Interpretive Summary: Genetic markers for growth and meat quality traits have been identified to aid in improving growth and meat quality traits through genetic selection. However, little is known regarding their effectiveness under differing management programs. Growth promotants are widely used in the U.S. beef industry to increase rate and efficiency of growth in cattle, despite detrimental effects on carcass quality and meat palatability with some implant protocols. The present study evaluated the effectiveness of genetic markers in improving growth and meat quality traits of cattle receiving differing implant protocols, the effects of genetic markers for a given trait on other important traits, and the use of genetic markers to minimize the detrimental effects of aggressive implant protocols. Implant protocol had no impact on final live weight, carcass weight, or rate of gain during the entire feeding period. The aggressive implant protocol increased carcass muscling and leanness, but decreased marbling scores and tenderness when compared to the mild implant protocol. Some of the genetic markers improved their target trait, but had negative effects on other traits of importance. Such antagonisms must be addressed when using marker assisted genetic selection. Generally, genetic marker effects were independent of implant effects, indicating that genetic markers could be used to manage, but likely not eliminate negative impacts of aggressive implant protocols.

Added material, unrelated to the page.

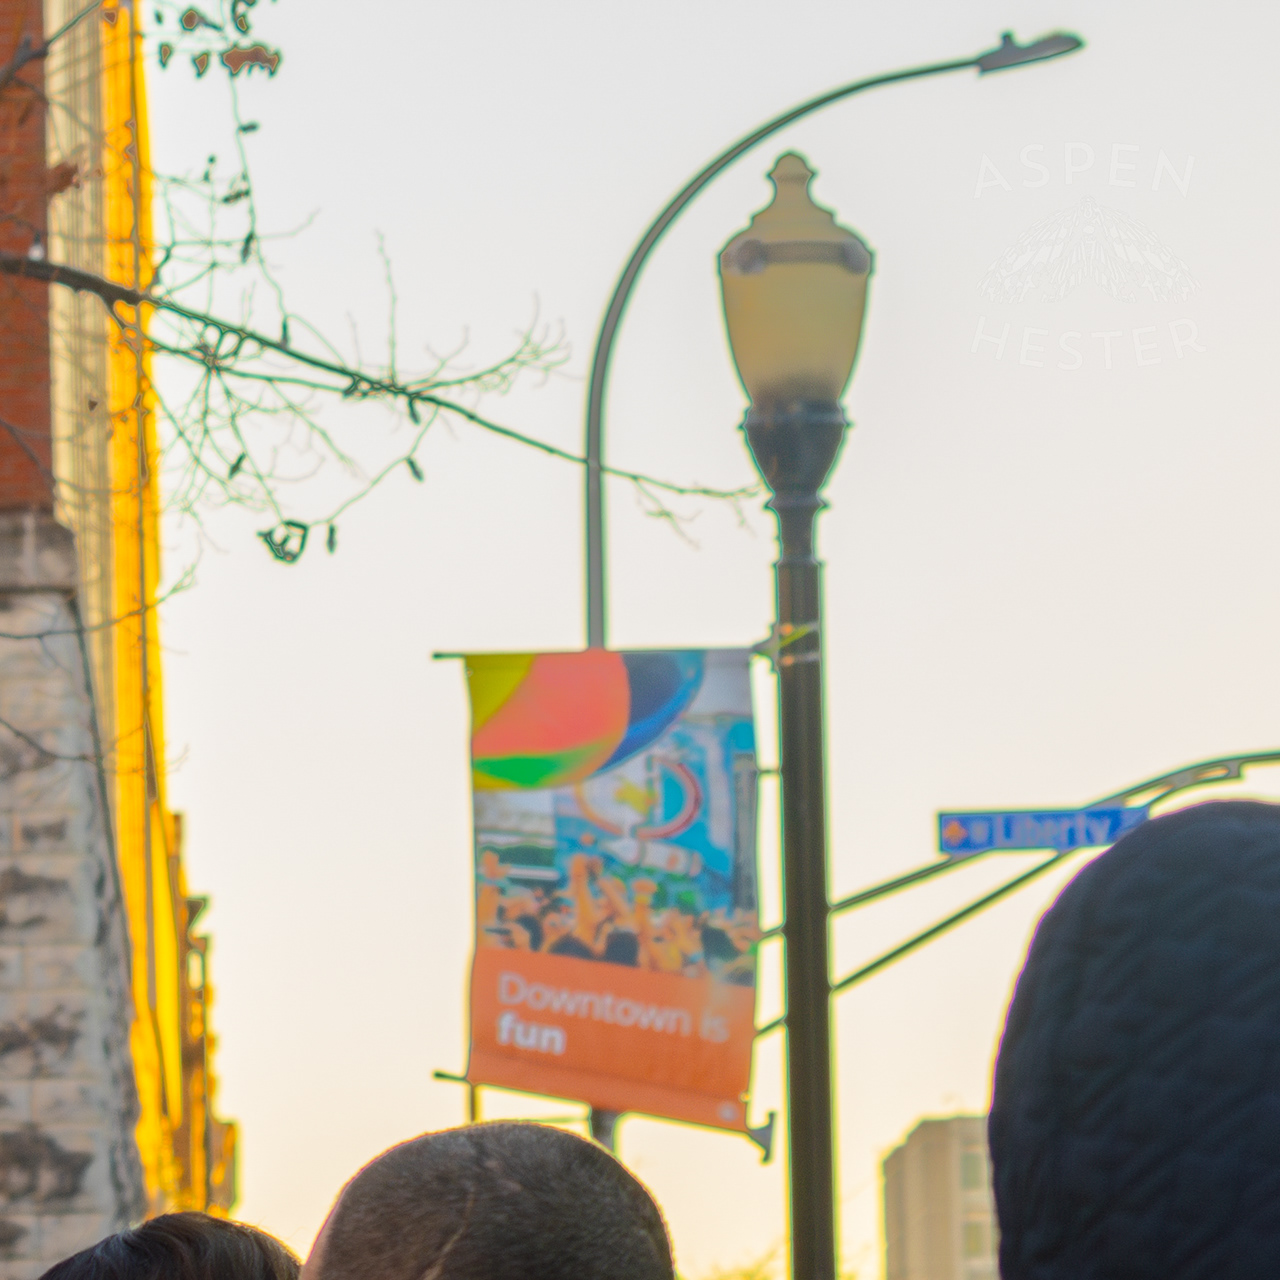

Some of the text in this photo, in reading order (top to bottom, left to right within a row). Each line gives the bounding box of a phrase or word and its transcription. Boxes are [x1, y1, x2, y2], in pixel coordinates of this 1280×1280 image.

[496, 1010, 567, 1056] fun
[497, 970, 730, 1043] Downtown is

Technical Abstract: The potential interaction of growth-promoting implants and genetic markers previously reported to be associated with growth, carcass traits, and tenderness was evaluated. Two implant protocols were applied to subsets of steers (n=383) and heifers (n=65) that were also genotyped for 47 SNP reported to be associated with variation in growth, fat thickness, LM area, marbling, or tenderness. One protocol consisted of a single terminal implant [16 mg estradiol benzoate (EB), 80 mg trenbalone acetate (TBA) or 8 mg EB, 80 mg TBA given to steers and heifers, respectively], designated the “mild” protocol. The “aggressive” protocol consisted of both a growing implant (8 mg EB, 40 mg TBA) for the lightest half of the animals on the aggressive protocol and 2 successive implants (28 mg EB, 200 mg TBA) given to all animals assigned to the aggressive treatment. Implant protocol had measurable impact on BW and ADG (P<0.05), with the aggressive protocol increasing these traits before the terminal implant (relative to the mild protocol), while the mild protocol increased ADG after the terminal implant so that the final BW and ADG over the experimental period were similar between protocols. Animals on the aggressive protocol had significantly increased (P<0.05) LM area (1.9 cm2), slice shear force (1.4 kg), and intact desmin (0.05 units), but decreased (P<0.05) marbling score (49 units) and adjusted fat thickness (0.1 cm). Among both treatments, eight of nine growth-related SNP were associated with BW or ADG, and six of 17 tenderness-related SNP were associated with slice shear force or intact desmin. Favorable growth alleles generally increased carcass yield traits but decreased tenderness. Similarly, favorable tenderness genotypes for some markers were associated with decreased BW and ADG. Some interactions of implant protocol and genotype were noted, with some growth SNP alleles increasing the effect of the aggressive protocol. In contrast, putative beneficial effects of favorable tenderness SNP alleles were mitigated by the effects of aggressive implant. These types of antagonisms of management variables and genotypes must be accounted for in marker assisted selection (MAS) programs, and our results suggest that MAS could be used to manage, but likely will not eliminate negative impact of implants on quality.